Violin master Fritz Kreisler once said, “the name changes, the value remains.”
He made that comment in 1935 after critics derided him for writing works and passing them off as oeuvres from composers like Pugnani and Tartini. Of course, the critics he angered were originally impressed by his compositions.
Another composer’s reputation he co-opted was that of Antonio Vivaldi. At the time, middle of the 20th century’s fourth decade, Vivaldi was a virtual unknown.
Even his most seminal work, Le quattro stagioni, better known as The Four Seasons, was lost to the annals of time.
Kreisler’s musical ruse started the Vivaldi comeback. It was furthered by musicologist Marc Pincherle.
Pincherle began his Vivaldi scholarship in 1913. His biography of the composer came out after World War II and is still considered an important and significant work.
From there, musicians like Arturo Toscanini, Olga Rudge, Louis Kaufman, and Alfredo Casella took over the role spreading the Italian composer’s genius. Vivaldi’s music did the rest.
Had it not been for the names listed above, Vivaldi’s music may still be buried. That’s a tragedy difficult to comprehend especially when one considers how popular and successful he was during his lifetime.
"An anonymous portrait in oils in the Museo Internazionale e Biblioteca della Musica di
Bologna is generally believed to be of Vivaldi and may be linked to
the Morellon La Cave engraving
Birth and Baptism
Antonio Lucio Vivaldi was born in Venice on March 4, 1678. Unusual for his era, he was baptized by his midwife shortly after birth.
The reason for a hasty baptism is unknown. Historians have put forth two theories.
One, he was in poor health and there were concerns he was going to die.
Two, earlier in the day Venice suffered an earthquake. The quick baptism may have been a response to the Earth moving.
The first theory seems the most likely. Even though Vivaldi lived to be 63, his health was poor.
He suffered from what was described as tightness in the chest.
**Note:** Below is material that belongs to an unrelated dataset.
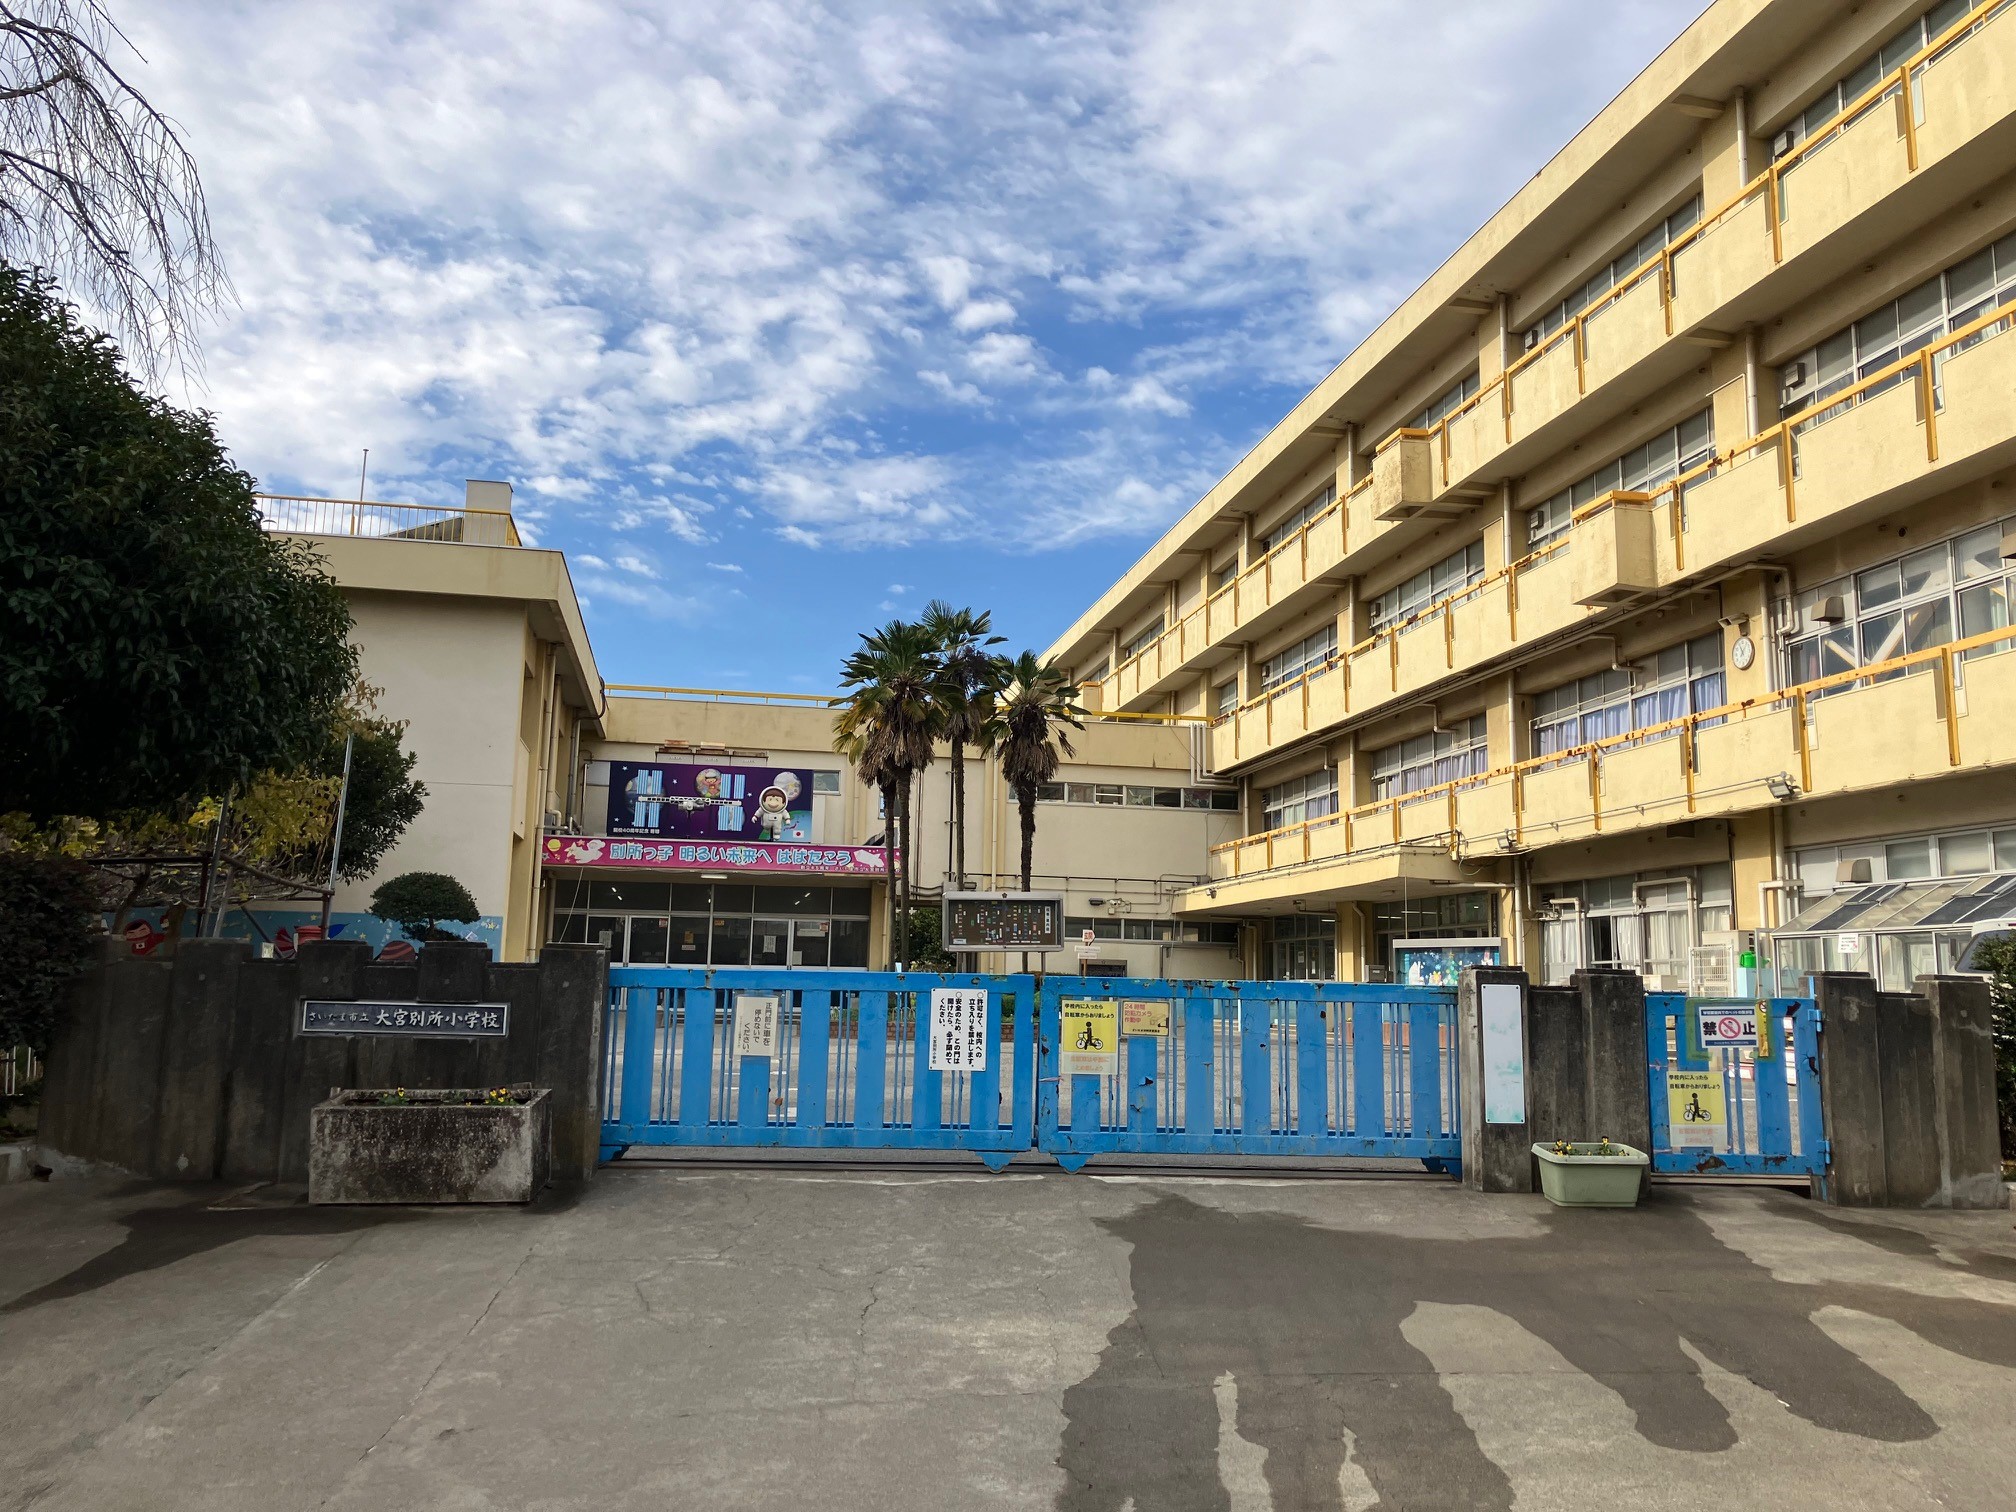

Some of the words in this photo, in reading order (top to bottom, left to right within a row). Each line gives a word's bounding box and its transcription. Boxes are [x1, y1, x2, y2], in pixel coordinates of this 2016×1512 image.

[610, 843, 673, 861] 別所っ子
[679, 846, 773, 864] 明るい未来へ
[777, 848, 852, 866] はばたこう
[374, 1009, 501, 1029] 大宮別所小学校
Modern doctors believe he had asthma.
Vivaldi was the oldest of nine children. His father was a professional violinist, founder of a musicians’ union, and probably a composer.
Dad taught his son how to play the violin. Vivaldi was sort of a child prodigy and a virtuoso on the instrument.
The second theory about his rapid baptism may have been the reason behind his mother dedicating him to the seminary. Vivaldi was ordained in 1703 although he stopped performing priestly duties three years later.
Many believe he abandoned his priestly duties because of poor health. Others theorize that he stopped citing mass because it interfered with his composing. Regardless of the reason, he never left the priesthood.
Master of Violin
Also in 1703, Vivaldi landed the job of “master of violin” at the Devout Hospital of Mercy in his hometown of Venice. That hospital, known in Italian as the Ospedale della Pieta, was an orphanage.
The hospital was his employer until 1715 and then again from 1723 to 1740. While working there, he composed many works. Some of his compositions were for, and performed by, the young girls living there.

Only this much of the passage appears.